Almanac: World Coal Carrying Championships
Air Date: Week of March 29, 2002
This week, we have facts about the World Coal Carrying Championships. Contestants in the old mining town of Gawthorpe, England race each other carrying sacks of coal.
Transcript
ROSS: Welcome back to Living on Earth. I'm Pippin Ross.
[MUSIC: Walter Carlos, "William Tell Overture," A CLOCKWORK ORANGE (Warner – 1972)]
ROSS: It's not every day that a bet between friends becomes an international contest. But that's exactly what happened in a pub in a small town in northeast England when two men challenged each other to a foot race. This being coal country, the catch is the runners had to haul a sack of coal across the finish line. The year was 1963 and the event became known as the World Coal Carrying Championship.

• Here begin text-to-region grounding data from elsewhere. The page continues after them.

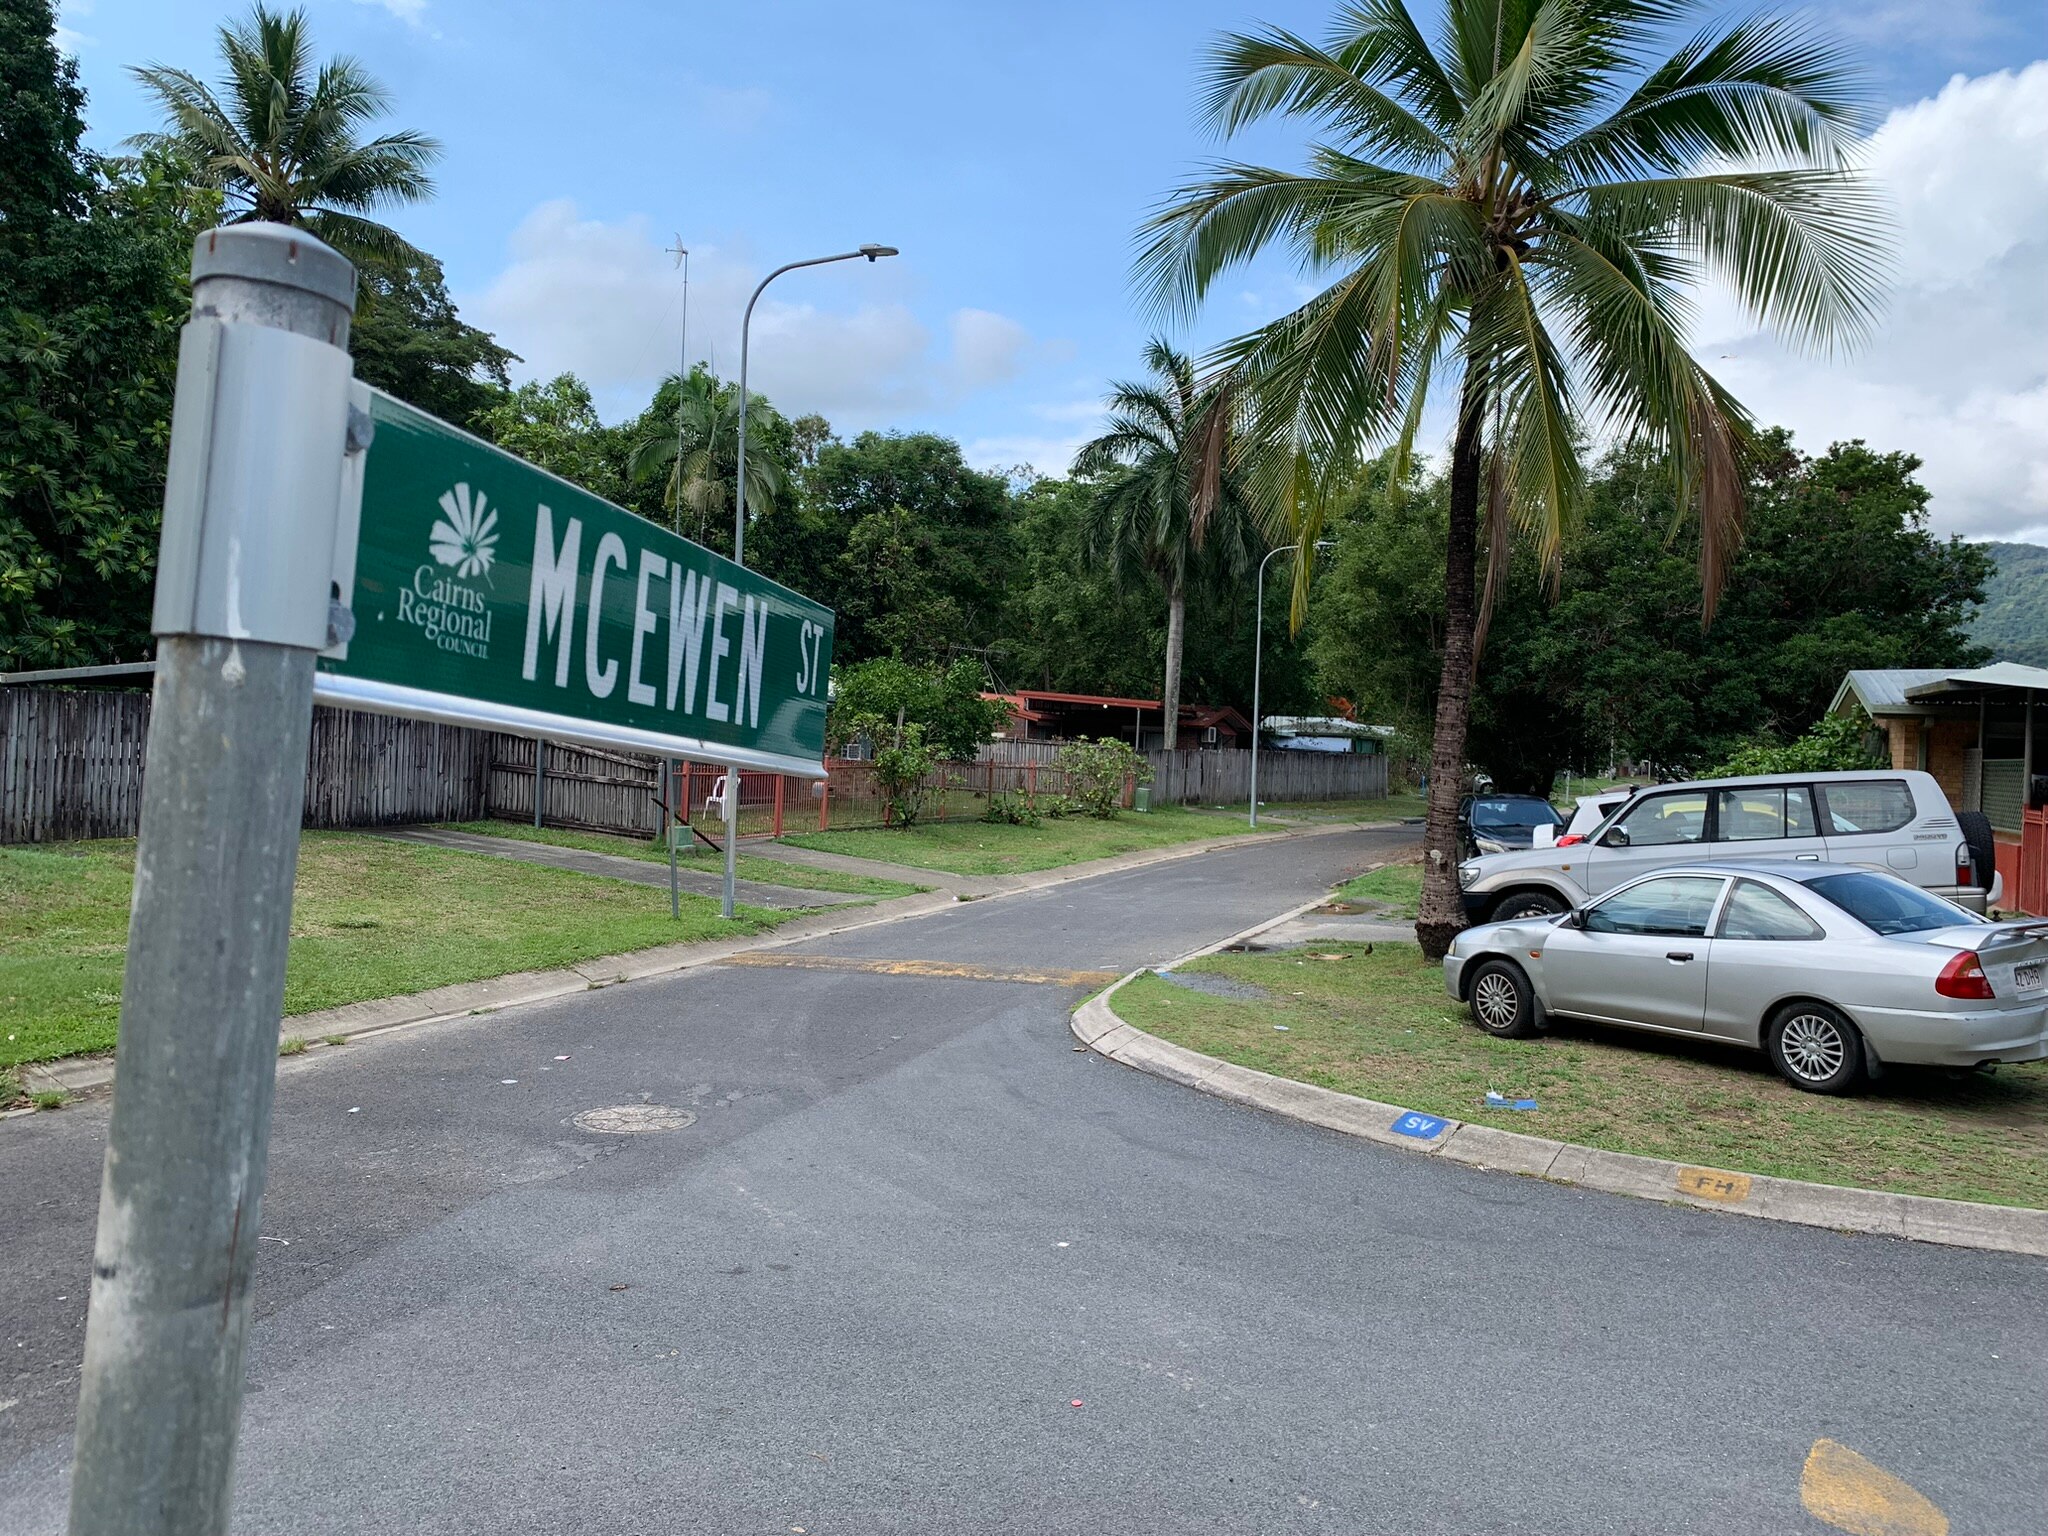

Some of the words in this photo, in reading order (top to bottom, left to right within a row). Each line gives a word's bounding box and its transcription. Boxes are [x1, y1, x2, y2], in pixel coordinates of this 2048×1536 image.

[414, 565, 485, 614] Cairns
[396, 586, 492, 642] Regional
[522, 503, 768, 729] MCEWEN
[797, 619, 824, 696] ST
[436, 634, 489, 659] COUNCIL
[1405, 1116, 1436, 1131] SV
[1697, 1177, 1734, 1195] FH
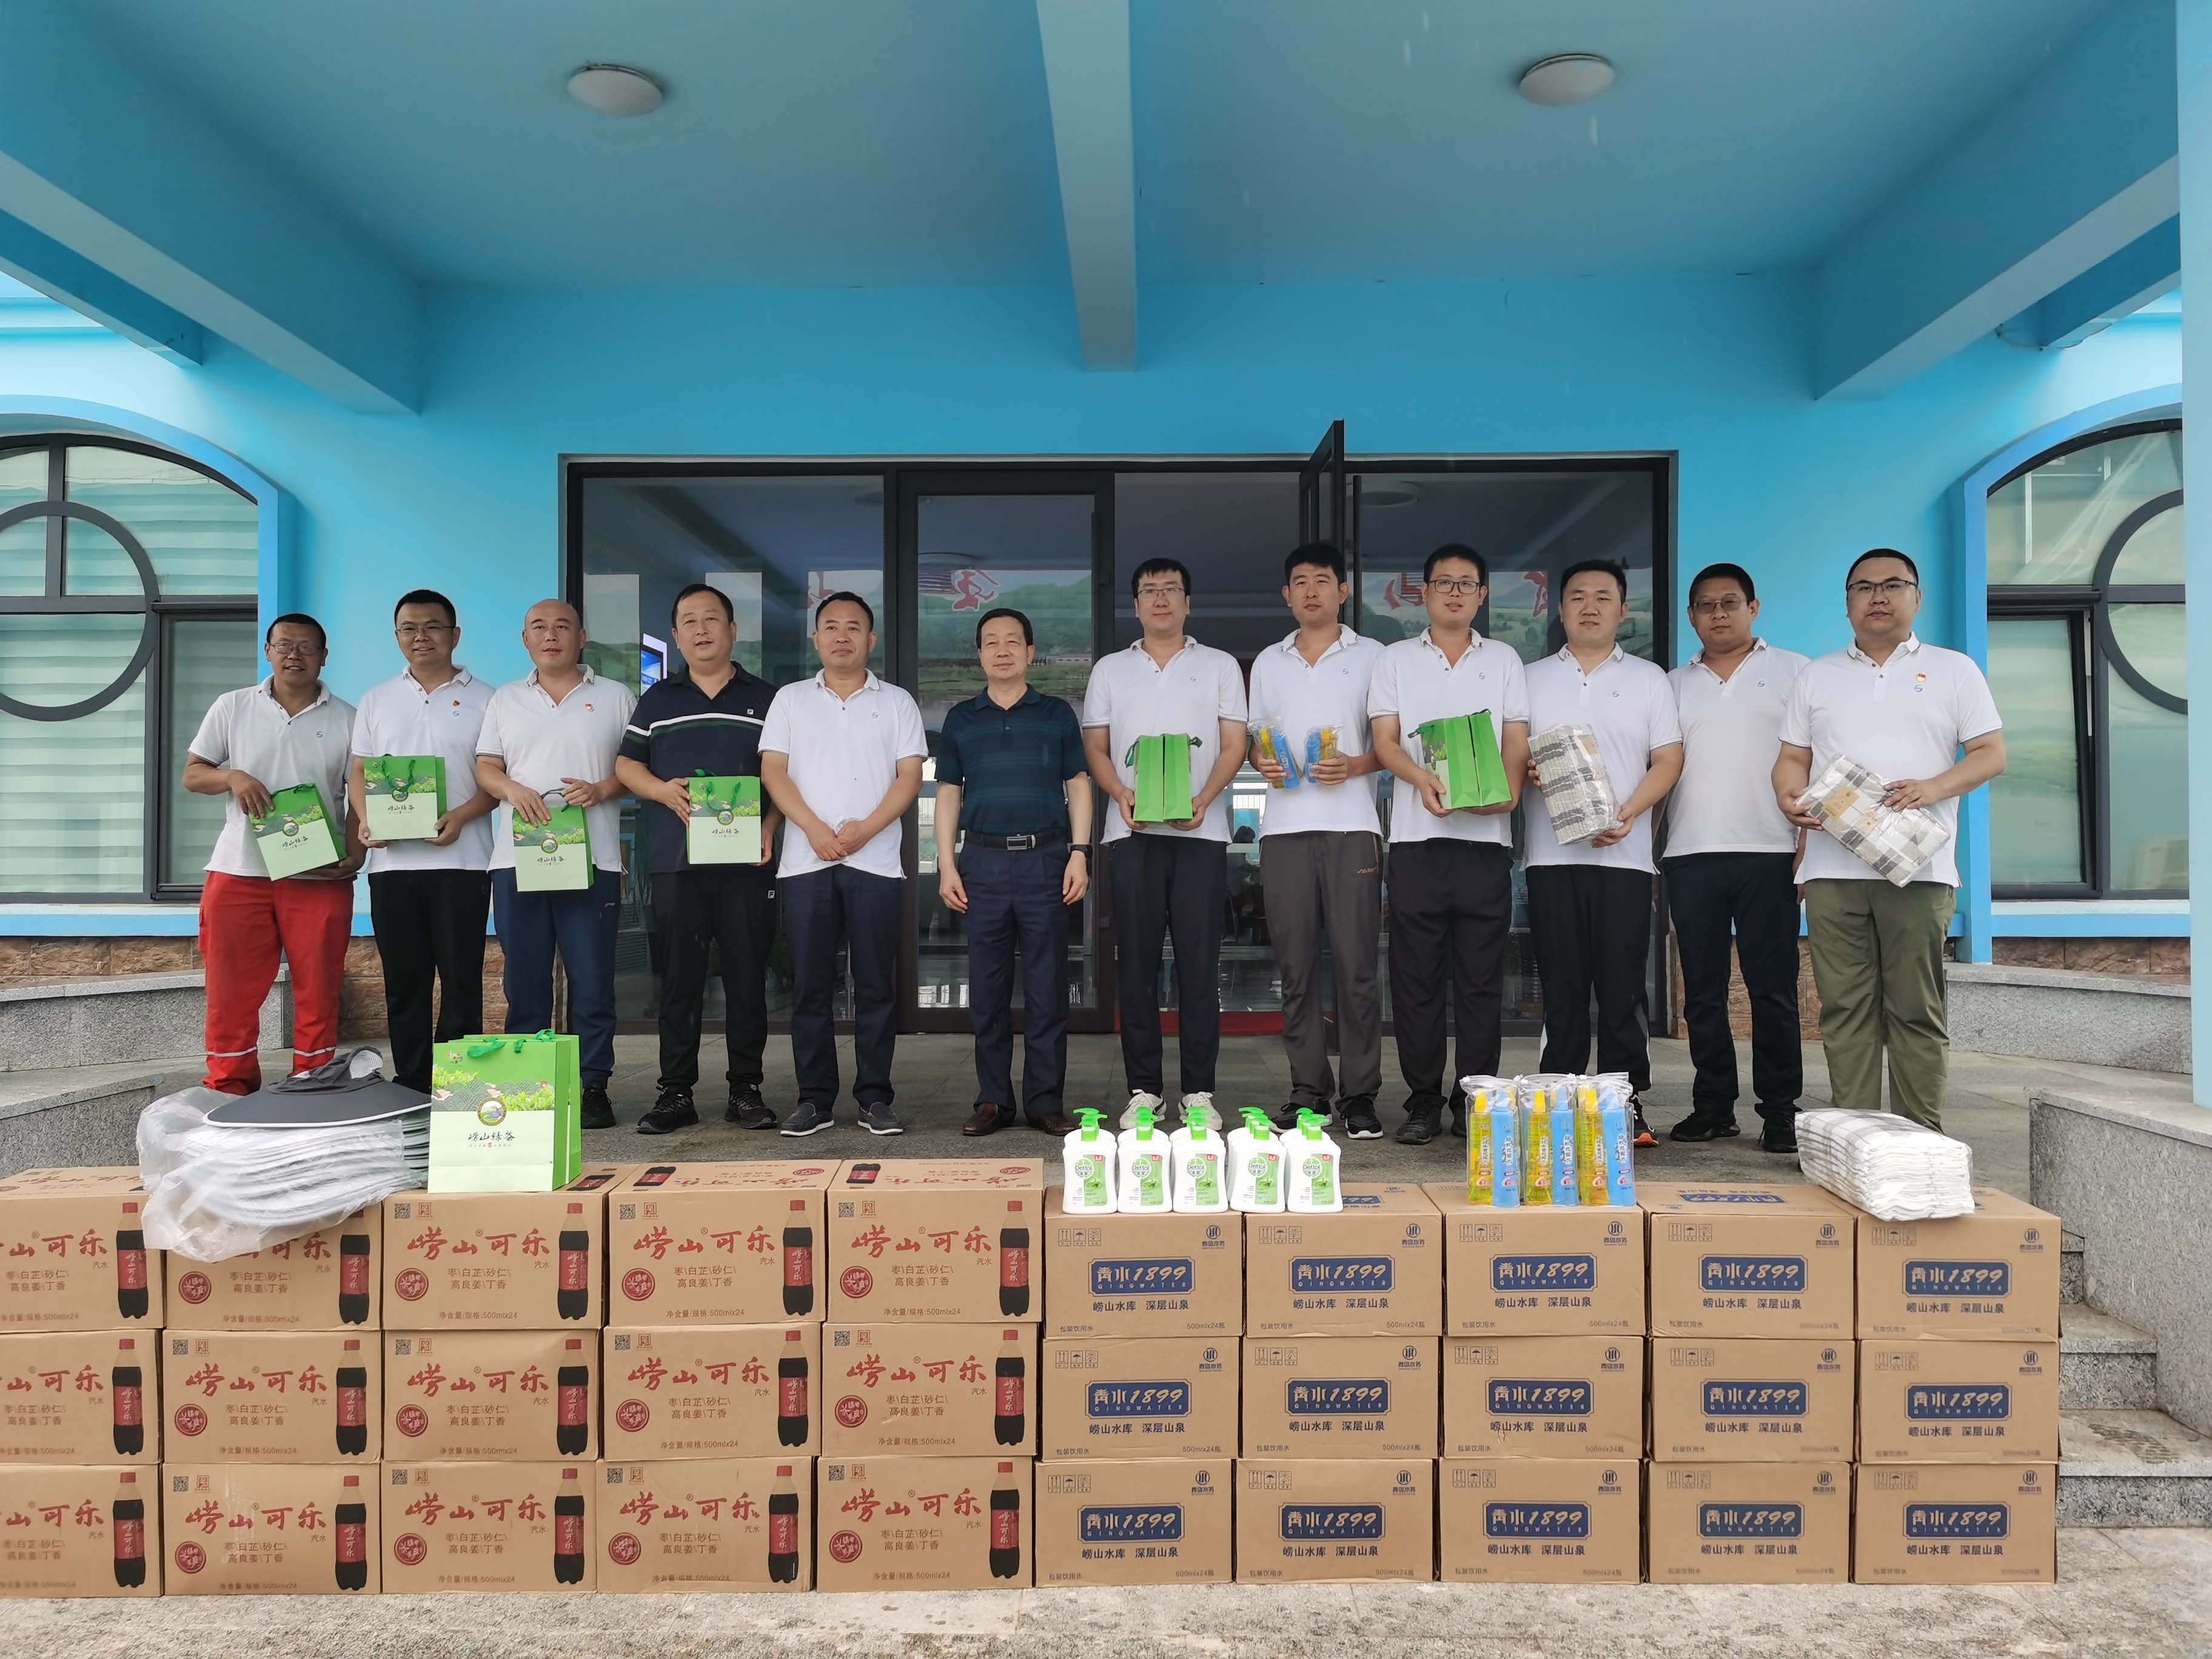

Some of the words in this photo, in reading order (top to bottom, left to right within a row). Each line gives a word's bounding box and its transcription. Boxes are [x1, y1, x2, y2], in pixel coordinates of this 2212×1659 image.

[0, 1228, 108, 1258] 山可乐
[407, 1226, 551, 1261] 崂山可乐
[633, 1225, 775, 1259] 崂山可乐
[851, 1224, 992, 1258] 崂山可乐
[674, 1265, 737, 1276] 枣\白芷\砂仁\
[891, 1264, 954, 1275] 枣\白芷\砂仁\
[1097, 1266, 1187, 1282] 青水1899
[1297, 1264, 1387, 1280] 青水1899
[1498, 1262, 1589, 1278] 青水1899
[451, 1279, 507, 1290] 高良姜\丁香
[678, 1278, 733, 1288] 高良姜\丁香
[895, 1276, 950, 1287] 高良姜\丁香
[1093, 1300, 1137, 1312] 崂山水库
[1145, 1299, 1190, 1310] 深层山泉
[1293, 1298, 1337, 1310] 崂山水库
[1346, 1298, 1390, 1309] 深层山泉
[1495, 1296, 1539, 1308] 崂山水库
[1548, 1296, 1592, 1307] 深层山泉
[1703, 1296, 1748, 1309] 崂山水库
[1757, 1298, 1802, 1309] 深层山泉
[1906, 1301, 1951, 1313] 崂山水库
[1960, 1302, 2006, 1313] 深层山泉
[628, 1356, 770, 1390] 崂山可乐
[846, 1353, 987, 1388] 崂山可乐
[0, 1364, 104, 1393] 山可乐
[185, 1364, 327, 1398] 崂山可乐
[407, 1364, 548, 1398] 崂山可乐
[1094, 1389, 1184, 1405] 青水1899
[1293, 1386, 1383, 1403] 青水1899
[1494, 1387, 1586, 1403] 青水1899
[672, 1409, 728, 1419] 高良姜\丁香
[890, 1406, 945, 1416] 高良姜\丁香
[451, 1416, 506, 1426] 高良姜\丁香
[1289, 1419, 1333, 1432] 崂山水库
[1342, 1420, 1386, 1431] 深层山泉
[1490, 1420, 1535, 1432] 崂山水库
[1544, 1421, 1589, 1432] 深层山泉
[1704, 1421, 1749, 1433] 崂山水库
[1758, 1422, 1803, 1433] 深层山泉
[1089, 1423, 1133, 1435] 崂山水库
[1142, 1422, 1186, 1433] 深层山泉
[1908, 1425, 1952, 1437] 崂山水库
[1962, 1426, 2006, 1436] 深层山泉
[405, 1492, 546, 1526] 崂山可乐
[620, 1492, 760, 1526] 崂山可乐
[841, 1487, 982, 1522] 崂山可乐
[0, 1499, 104, 1527] 山可乐
[185, 1500, 326, 1535] 崂山可乐
[1287, 1511, 1378, 1527] 青水1899
[1492, 1510, 1583, 1526] 青水1899
[1086, 1513, 1176, 1529] 青水1899
[660, 1532, 722, 1542] 枣\白芷\砂仁\
[663, 1544, 718, 1554] 高良姜\丁香
[1082, 1547, 1126, 1560] 崂山水库
[1135, 1547, 1179, 1558] 深层山泉
[1282, 1545, 1327, 1557] 崂山水库
[1336, 1546, 1379, 1557] 深层山泉
[1487, 1543, 1532, 1555] 崂山水库
[1541, 1544, 1586, 1555] 深层山泉
[1700, 1543, 1745, 1555] 崂山水库
[1754, 1544, 1798, 1555] 深层山泉
[1906, 1543, 1951, 1555] 崂山水库
[1960, 1544, 2004, 1555] 深层山泉

Every Easter Monday, the village of Gawthorpe, England hosts up to 60 men and women who vie for the title of King and Queen of the Coal Humpers. Their racecourse follows an uphill path from a pub on the edge of the village to the center of town, 1100 yards away. The men carry sacks weighed down with 110 pounds of coal, while the women shoulder 45-pound bags.
The town's local mining pits are all closed now. So the two and a half tons of coal needed for the race has to be imported from nearby pits still operating. The donated coal is returned at the end of the race.
Each year, a crowd of about 3,000 turns out to see if the Guinness world records will be broken. The time to beat for men is four minutes and six seconds, five minutes and five seconds for women. Winners get the equivalent of about $450 U.S. in cash and a trophy. At the end of the day, the winners, losers and well-wishers gather at the Bee Hive Inn to down a few pints and collect, or pay up, on their bets. And for this week, that's the Living on Earth Almanac.